Helping major cities address a serious public health threat
Air quality in India’s cities has reached a crisis point. Rankings published by the World Health Organization in 2016 have shown that several cities in North India, including the capital, New Delhi, have some of the world’s highest levels of fine particulate matter. Because of seasonal changes, conditions tend to worsen each year around November. In 2017, this meant Delhi experienced levels of particulate matter so severe that schools shut down, flights were canceled, and doctors described the situation as a public health emergency.

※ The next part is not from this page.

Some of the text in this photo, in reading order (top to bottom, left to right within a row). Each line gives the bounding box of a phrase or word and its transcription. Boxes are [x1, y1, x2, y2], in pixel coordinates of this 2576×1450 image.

Fine particulate matter comes mostly from combustion-related sources (including vehicles, fires, cookstoves, and industrial operations) and secondary formation in the atmosphere. Places with high levels of these pollutants see increased rates of respiratory and cardiovascular diseases. The economy also suffers, as foreign businesses decline to invest, and tourists stay away.
The U.S. State Department, through the U.S. Embassy in New Delhi, chose RTI to help chart an air quality strategy for India. With decades of service to the U.S. Environmental Protection Agency, we offer extensive knowledge of air quality and health research and policy solutions. We have also worked in India on other development challenges since 1982, and opened an office in New Delhi in 2014.

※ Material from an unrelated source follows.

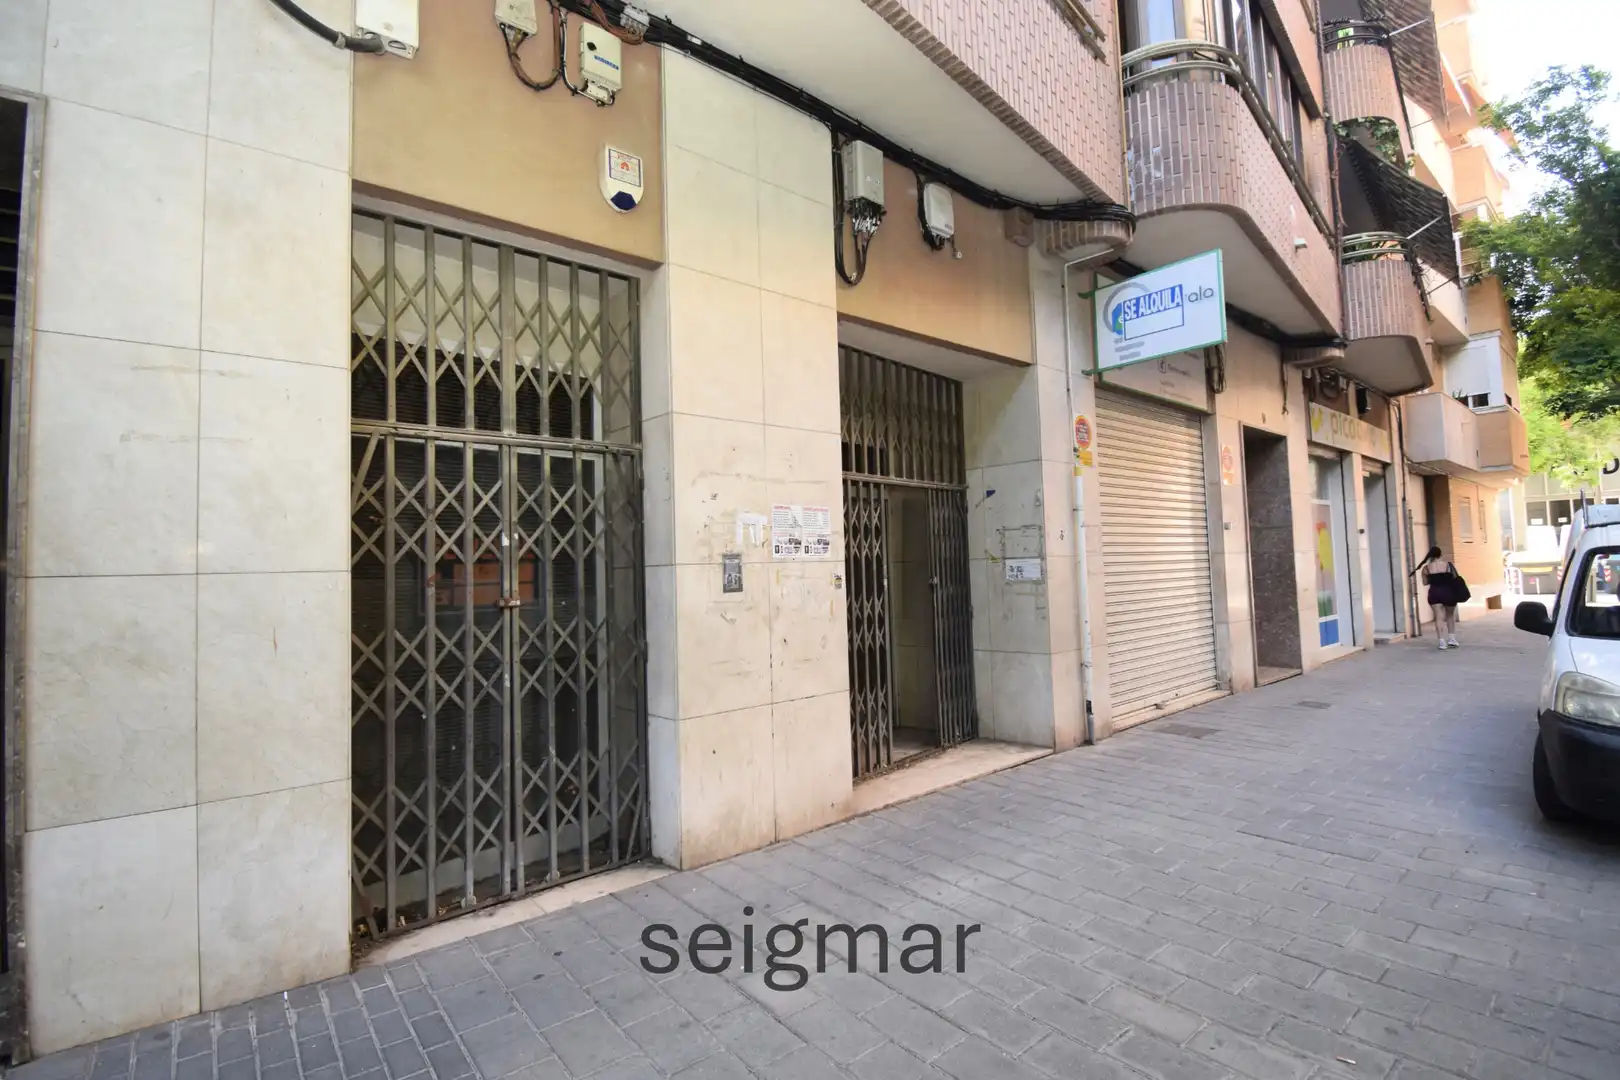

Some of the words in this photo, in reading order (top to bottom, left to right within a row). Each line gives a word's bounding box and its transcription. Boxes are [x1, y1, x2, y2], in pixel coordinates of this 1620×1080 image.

[1124, 299, 1137, 320] SE
[1138, 286, 1182, 317] ALQUILA
[1185, 285, 1214, 303] ala

Connecting India’s Cities with World Leaders in Air Quality
In May 2016, we worked with the Indian Institute of Technology-Delhi to engage stakeholders through a series of workshops in four northern Indian cities—Delhi, Chandigarh, Jaipur, and Lucknow—to discuss India’s air quality issues and identify possible solutions. Attendees represented government, industry, academia, and the nonprofit sector, from both India and the United States, bringing opportunities to learn from experts who had tackled similar policy issues in different locations and from different perspectives.
Presentations, panel discussions, and breakout sessions allowed participants to learn and brainstorm about the air quality issue in their regions. We created focus groups on air quality and health effects, air pollutant measurements and modeling, and policy, including the government-industry relationship. Each group was charged with specific questions and asked to identify current gaps and develop short- and long-term recommendations for addressing those gaps.

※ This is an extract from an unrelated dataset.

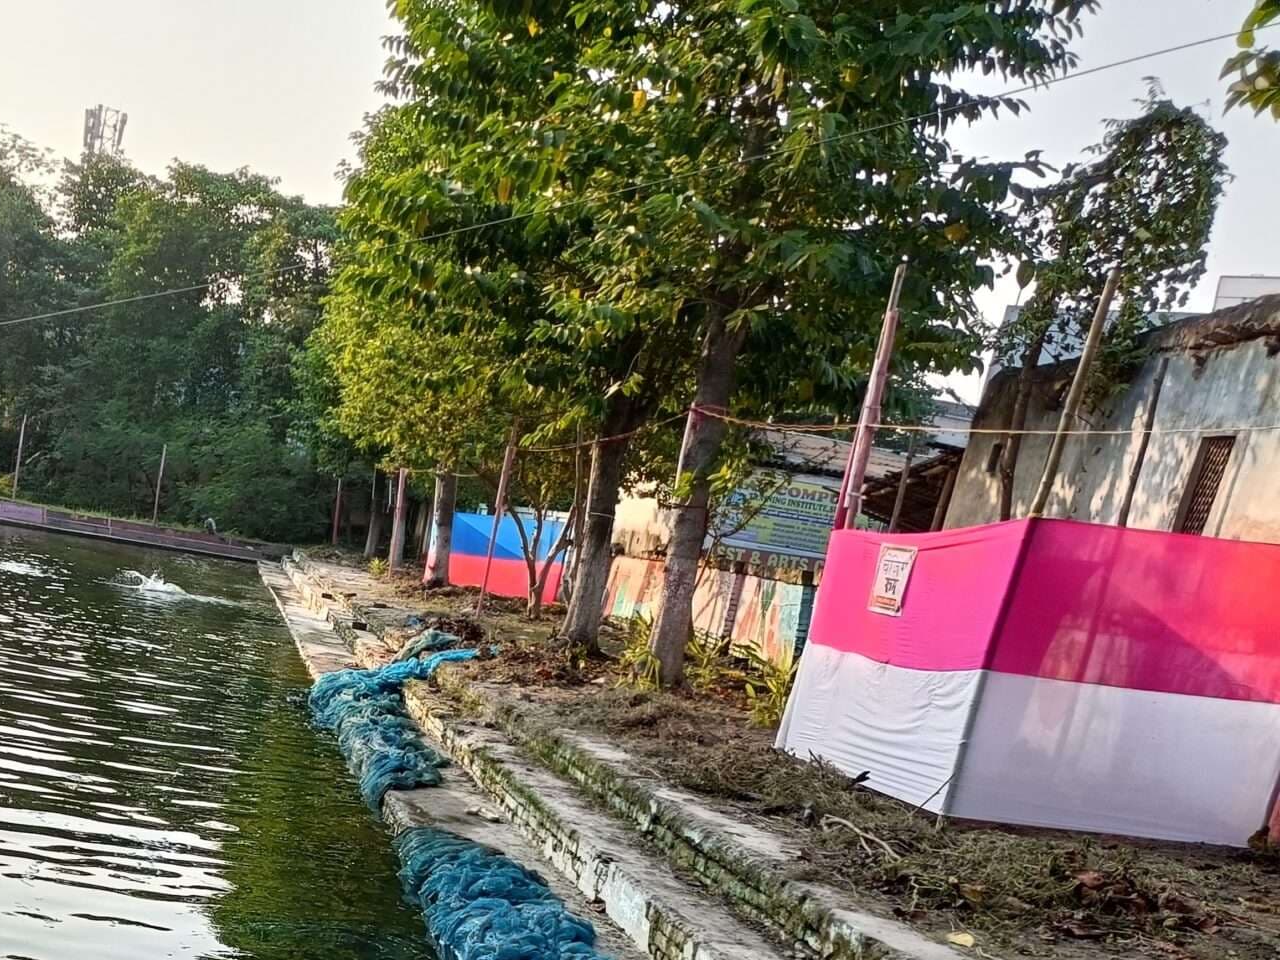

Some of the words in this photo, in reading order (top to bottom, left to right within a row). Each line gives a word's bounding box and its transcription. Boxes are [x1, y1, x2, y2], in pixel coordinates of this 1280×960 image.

Among the gaps we identified were:
- A disconnect between public health study results and the policies that could help improve air quality
- Lack of awareness of air quality issues outside of urban areas
- Lack of reliable air quality monitoring data and the need for monitoring of fine particulate matter, in addition to other air pollutants, in Indian cities
- Lack of an open data portal to share data
- The need to develop long-term air quality management plans with relevant timelines.
Our workshops established relationships that will enable stakeholders to address these gaps through collaboration—over time and across miles.
Promoting Open Data as an Essential Tool for Reform
Since the workshops, we have compiled a set of recommendations for the Indian government based on discussions at the workshops. Some of our baseline recommendations revolve around high-quality, open data—a key driver for research, awareness, cultural change, and policy reform.
Quantifying North India’s air pollution status is an essential step toward developing an air quality management framework that will lead to progress. We published a report summarizing the recommendations, and a summary of the workshop recommendations was also published in the EM magazine of the Air & Waste Management Association (A&WMA) for broad dissemination.
The task of implementing our recommendations and developing a long-term strategy belongs to India’s national and state governments, with the cooperation of business and industry. By bringing many of these stakeholders together to share ideas and strategies with experts in air quality, we have helped leaders make strides in building the connections and initiatives that will help combat air pollution in the region. We continue to communicate with relevant stakeholders to help support this effort.